In vitro Evaluation and Molecular Dynamics, DFT Guided Investigation of Antimalarial Activity of Ethnomedicinally used Coptis teeta Wall.

Abstract

Malaria is caused by different species of Plasmodium; among which P. falciparum is the most severe. Coptis teeta is an ethnomedicinal plant of enormous importance for tribes of northeast India. In this study, the antimalarial activity of the methanol extracts of Coptis teeta was evaluated in vitro and lead identification was carried out via in silico study. On the basis of the in vitro results, in silico analysis by application of different modules of Discovery Studio 2018 was performed on multiple targets of P. falciparum taking into consideration some of the compounds reported from C. teeta. The IC50 of the methanol extract of Coptis teeta was reported to be 0.08 μg/ml in 3D7 strain and 0.7 μg/ml in Dd2 strain of P. falciparum. From the docking study, noroxyhydrastatine was observed to have better binding affinity in comparison to chloroquine.
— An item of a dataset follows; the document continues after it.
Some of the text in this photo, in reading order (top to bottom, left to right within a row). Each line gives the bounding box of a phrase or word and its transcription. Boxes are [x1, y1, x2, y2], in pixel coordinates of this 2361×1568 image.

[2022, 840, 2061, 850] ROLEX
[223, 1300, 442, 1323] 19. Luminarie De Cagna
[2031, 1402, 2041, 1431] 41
The binding of noroxyhydrastinine with dihydroorotate dehydrogenase was further validated by molecular dynamics simulation and was observed to be significantly stable in comparison to the co-crystal inhibitor. During simulations, it was observed that noroxyhydrastinine retained the interactions, giving strong indications of its effectiveness against the P. falciparum proteins and stability in the binding pocket. From the Density-functional theory analysis, the bandgap energy of noroxyhydrastinine was found to be 0.186 Ha, indicating a favorable interaction. The in silico analysis as an addition to the in vitro results provides strong evidence of noroxyhydrastinine as an antimalarial agent.